One doesn’t think of leafy greens as a fall crop but Kale is just that. It likes the cool weather and can be harvested right through the winter. Although it is a leafy green plant it is part of the cabbage family along with Brussel sprouts and collards.

Kale is hailed as one of the best cancer fighting vegetables because of its abundant carotenoids, powerful anti-cancer agents. Kale is also an excellent source of calcium, vitamins A and C and potassium. Kale’s calcium is easily assimilated, making it a wonder food for arthritis, osteoporosis and bone loss disorders. Kale provides folic acid, iron, thiamine, riboflavin, niacin and zinc as well.

Many of these nutrients are still available after cooking which is how Kale is generally prepared. Raw kale can be fairly tough but the strong flavour can add a spicy note to salads. This flavour is excellent in soups and stews. Kale can be cooked in a variety of ways: boil, steam, sauté, braise in a casserole, or add to a stir-fry.
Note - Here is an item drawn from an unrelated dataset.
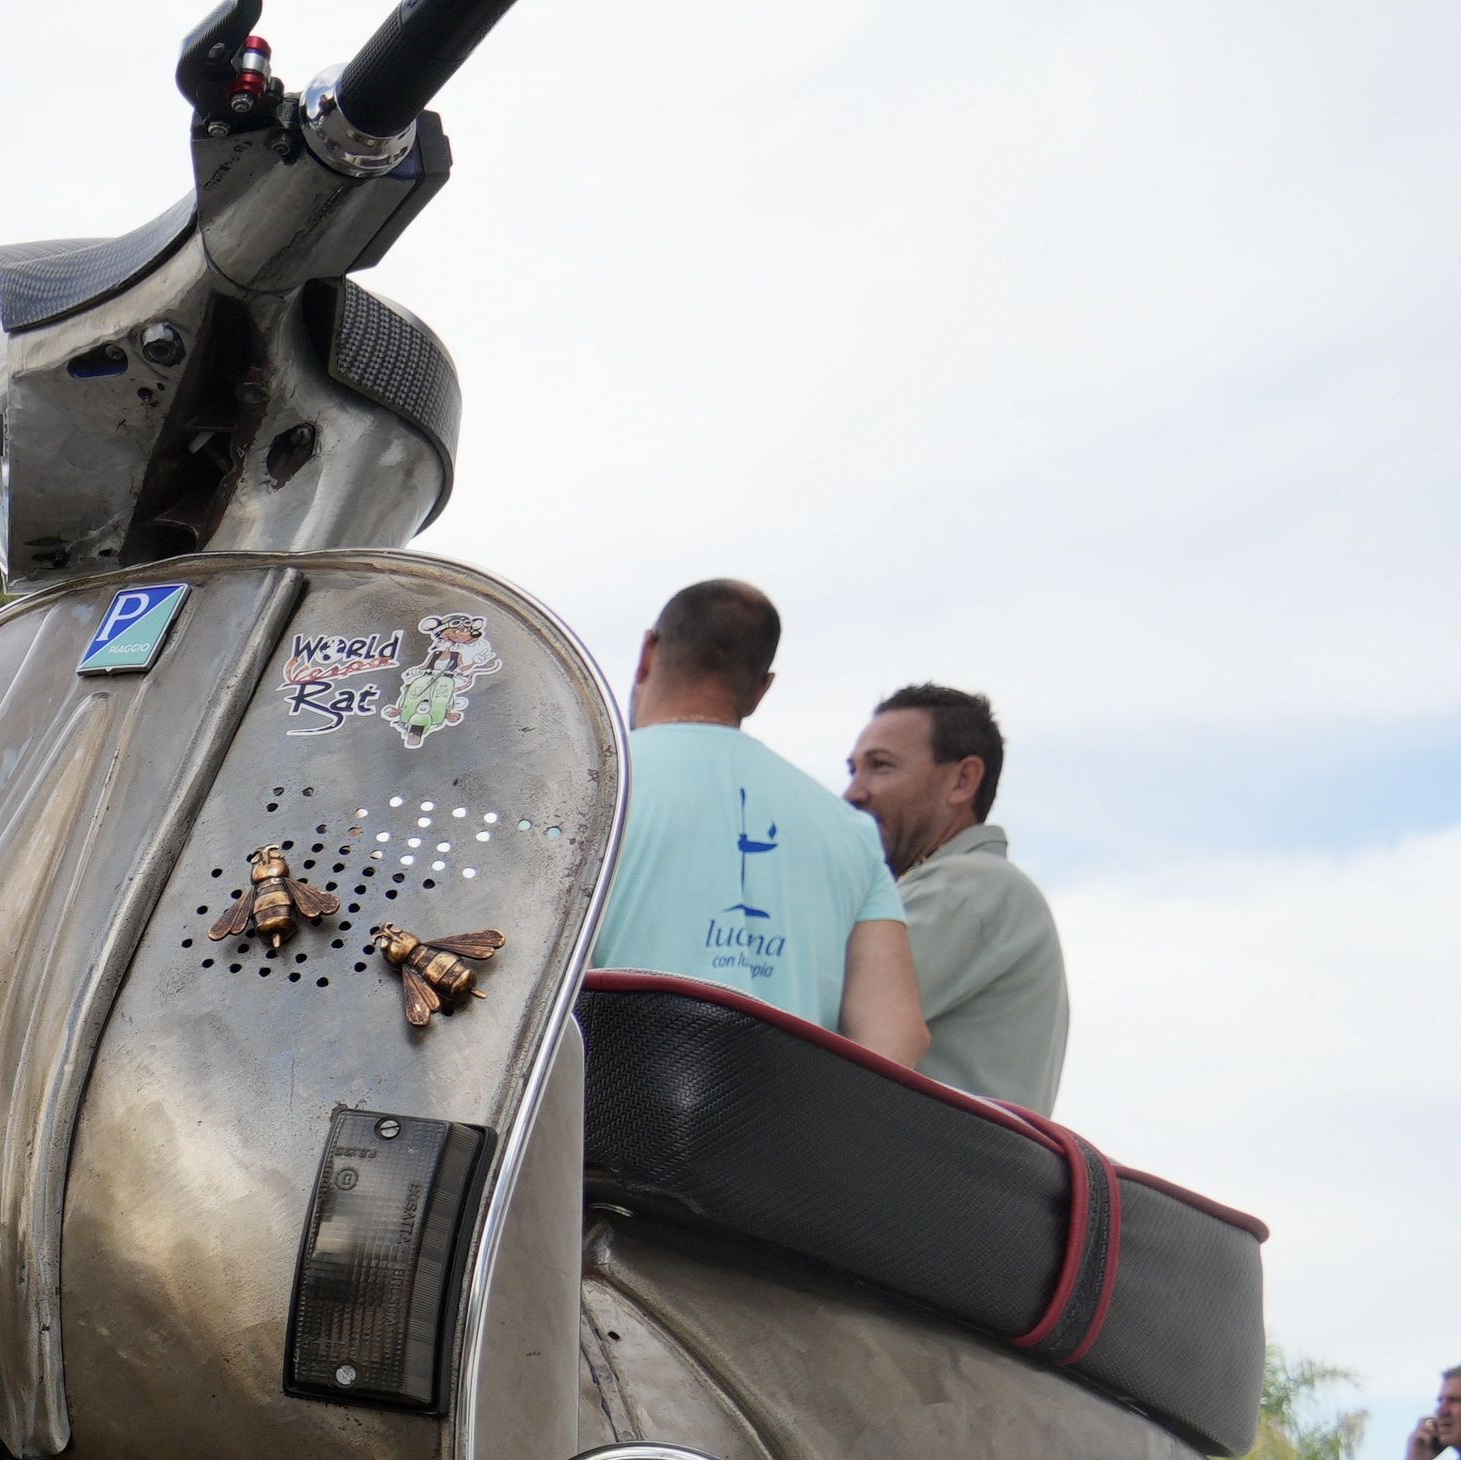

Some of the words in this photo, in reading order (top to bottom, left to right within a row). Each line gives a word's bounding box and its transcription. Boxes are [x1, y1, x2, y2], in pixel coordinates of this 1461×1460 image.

[96, 593, 150, 642] P
[107, 642, 151, 654] PIAGGIO
[288, 681, 379, 734] Rat
A favorite at our house, especially with the kids, is chopped kale fried in a dry cast iron fry pan on very low heat until it is crisp. After trying the kale with curry recipe below, however, I think it is now my favorite way to enjoy kale! I hope you’ll enjoy it too!

See the following recipes:

1) Kale with Sauteed Apple & Onion (Vegetable Side Dish category in Recipe Archive)

2) White Bean, Kale, and Roasted Vegetable Soup (Soups & Stews category in Recipe Archive)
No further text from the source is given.